■ Problem to work on ■
Repeat each record below exactly, dropping the pictures.

Content starts

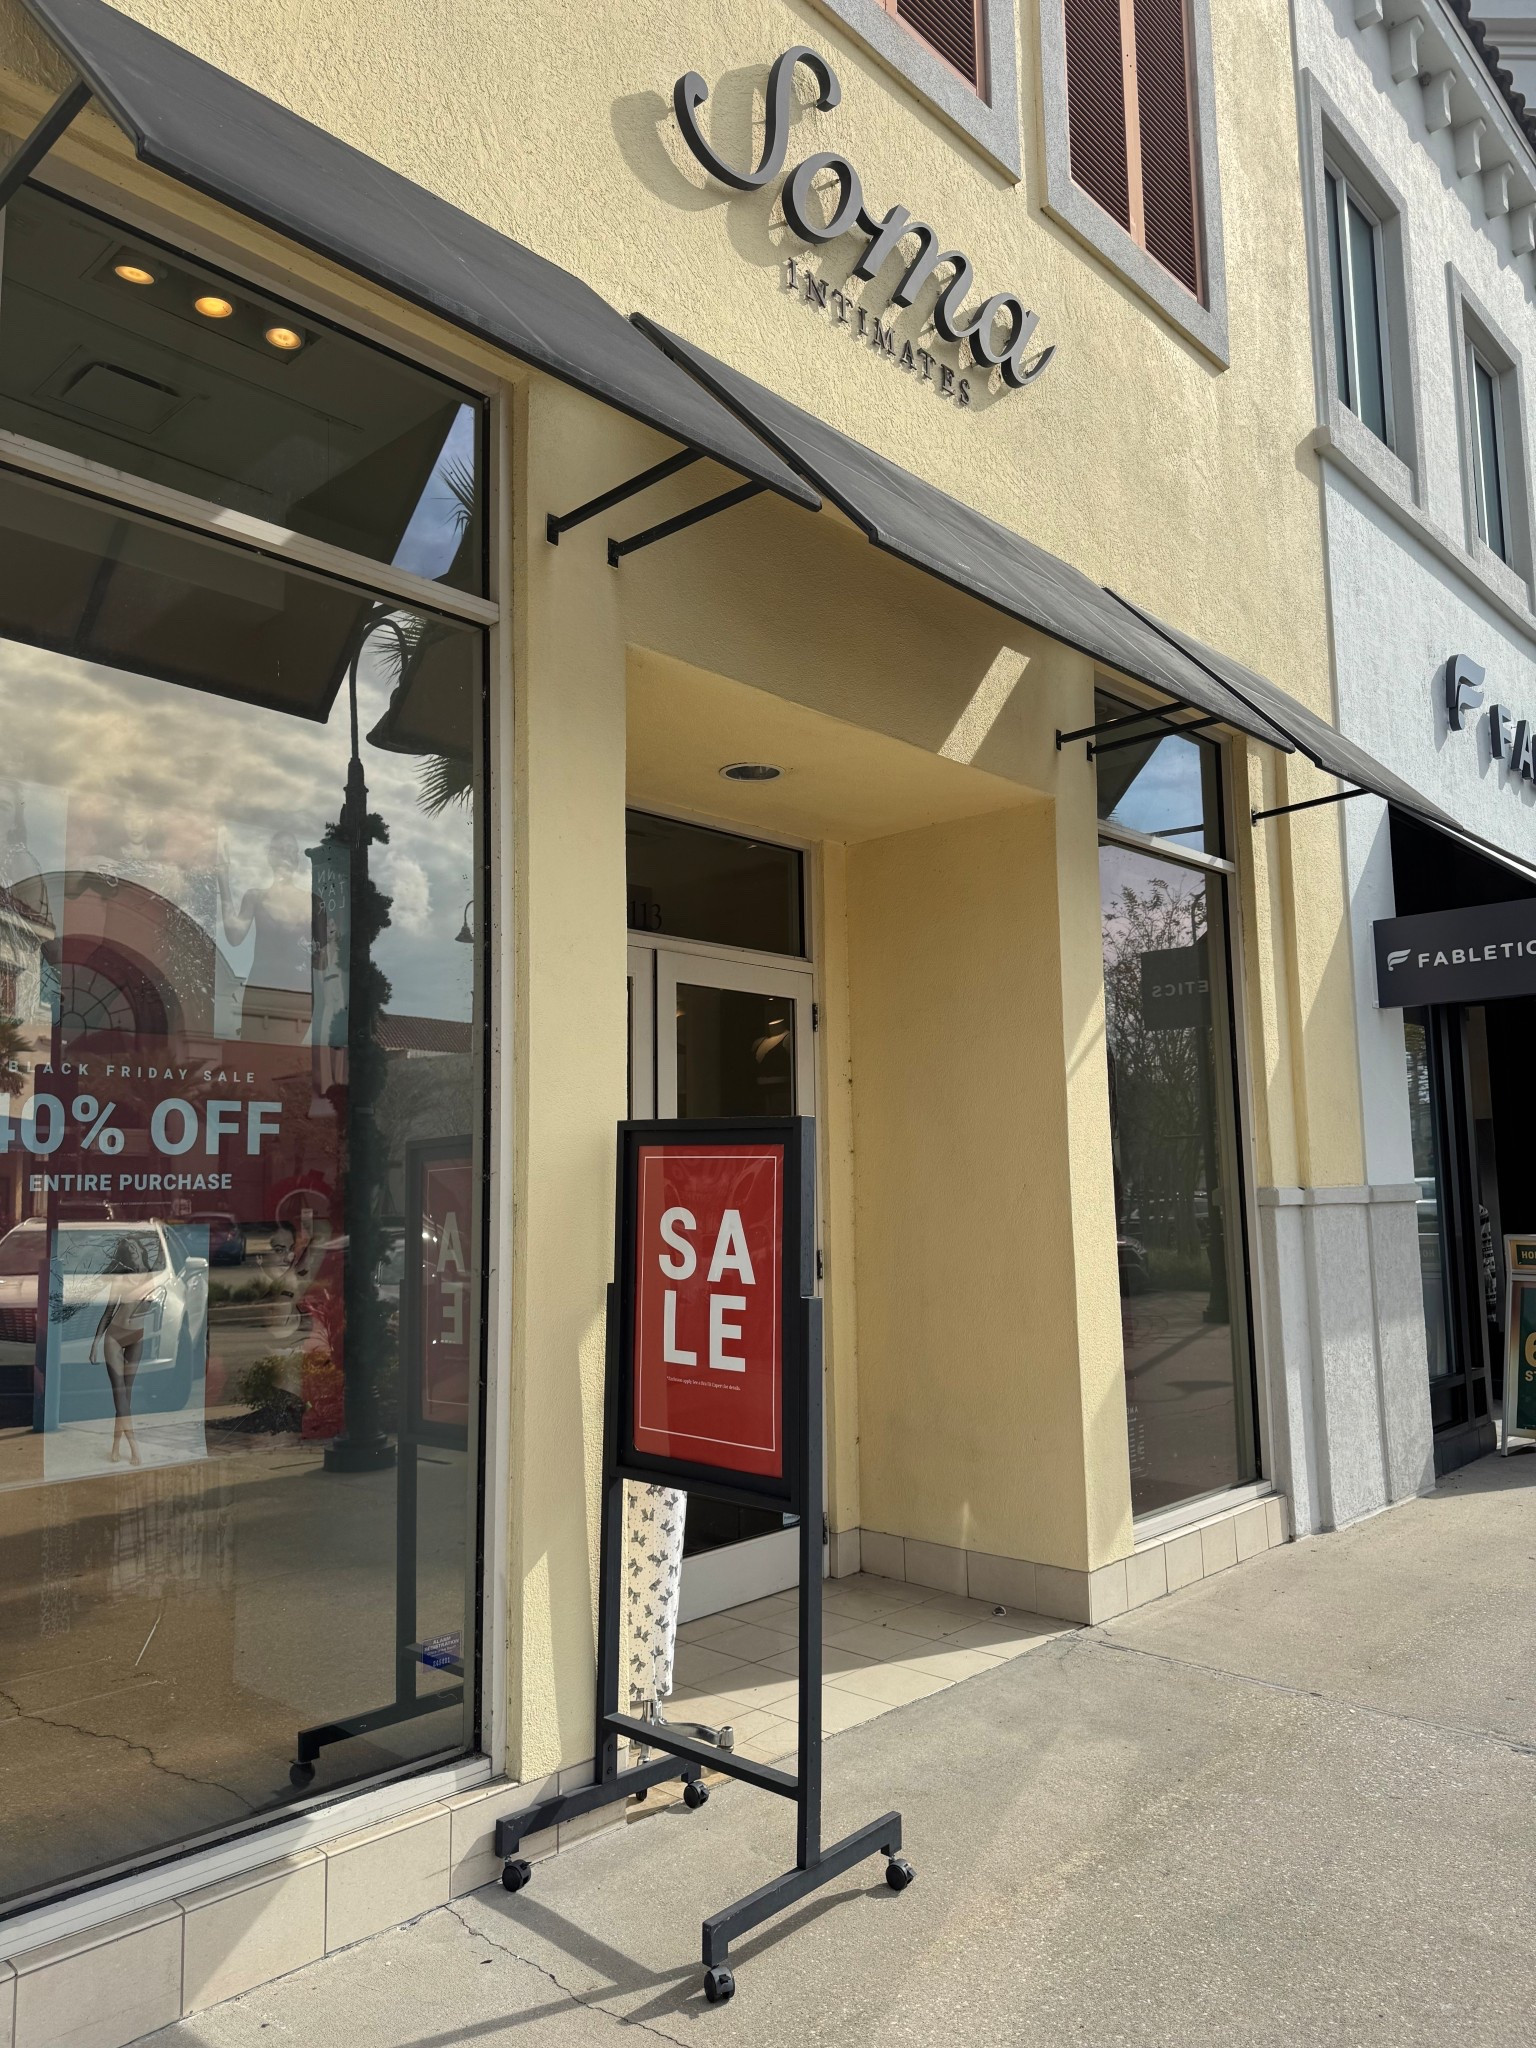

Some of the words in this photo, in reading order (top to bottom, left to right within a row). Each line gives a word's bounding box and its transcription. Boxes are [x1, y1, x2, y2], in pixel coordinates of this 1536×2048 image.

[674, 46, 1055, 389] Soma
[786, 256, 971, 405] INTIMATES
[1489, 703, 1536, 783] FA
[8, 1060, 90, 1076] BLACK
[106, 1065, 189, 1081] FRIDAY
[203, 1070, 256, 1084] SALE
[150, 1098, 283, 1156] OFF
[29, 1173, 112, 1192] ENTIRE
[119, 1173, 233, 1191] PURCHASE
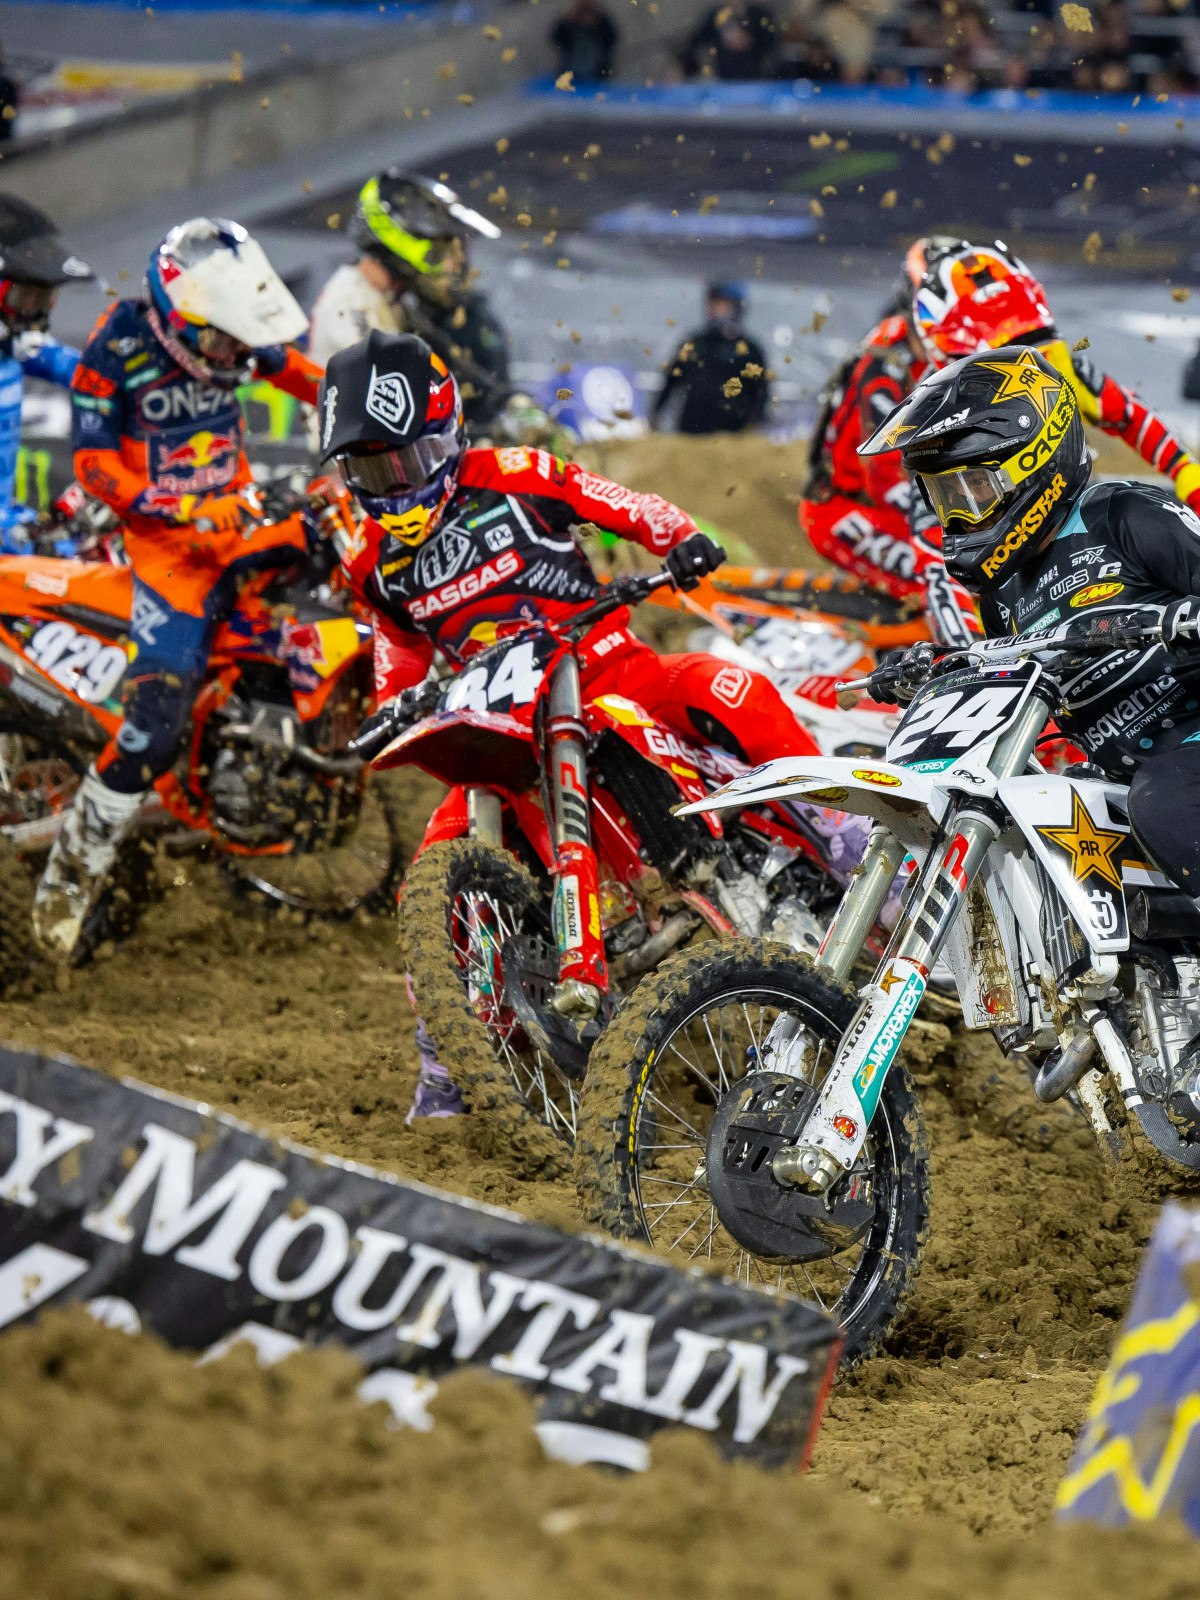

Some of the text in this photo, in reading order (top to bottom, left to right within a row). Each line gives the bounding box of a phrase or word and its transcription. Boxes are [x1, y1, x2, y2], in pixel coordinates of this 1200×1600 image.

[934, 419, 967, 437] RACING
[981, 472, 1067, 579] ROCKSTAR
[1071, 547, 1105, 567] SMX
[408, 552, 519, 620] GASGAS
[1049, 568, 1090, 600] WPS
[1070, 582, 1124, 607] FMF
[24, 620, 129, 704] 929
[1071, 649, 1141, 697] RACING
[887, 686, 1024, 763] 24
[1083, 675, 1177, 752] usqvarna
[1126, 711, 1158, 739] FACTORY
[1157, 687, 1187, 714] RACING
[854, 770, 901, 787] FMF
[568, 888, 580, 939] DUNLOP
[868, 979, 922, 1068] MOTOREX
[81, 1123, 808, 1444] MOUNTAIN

Content ends

■ Answer below ■
Some of the words in this photo, in reading order (top to bottom, left to right within a row). Each line gives a word's bounding box and its transcription. Boxes are [x1, y1, x2, y2], in pixel coordinates of this 1536×2048 image.

[674, 46, 1055, 389] Soma
[786, 256, 971, 405] INTIMATES
[1489, 703, 1536, 783] FA
[8, 1060, 90, 1076] BLACK
[106, 1065, 189, 1081] FRIDAY
[203, 1070, 256, 1084] SALE
[150, 1098, 283, 1156] OFF
[29, 1173, 112, 1192] ENTIRE
[119, 1173, 233, 1191] PURCHASE

Some of the text in this photo, in reading order (top to bottom, left to right within a row). Each line gives the bounding box of a phrase or word and its transcription. Boxes are [x1, y1, x2, y2], in pixel coordinates of this 1200×1600 image.

[934, 419, 967, 437] RACING
[981, 472, 1067, 579] ROCKSTAR
[1071, 547, 1105, 567] SMX
[408, 552, 519, 620] GASGAS
[1049, 568, 1090, 600] WPS
[1070, 582, 1124, 607] FMF
[24, 620, 129, 704] 929
[1071, 649, 1141, 697] RACING
[887, 686, 1024, 763] 24
[1083, 675, 1177, 752] usqvarna
[1126, 711, 1158, 739] FACTORY
[1157, 687, 1187, 714] RACING
[854, 770, 901, 787] FMF
[568, 888, 580, 939] DUNLOP
[868, 979, 922, 1068] MOTOREX
[81, 1123, 808, 1444] MOUNTAIN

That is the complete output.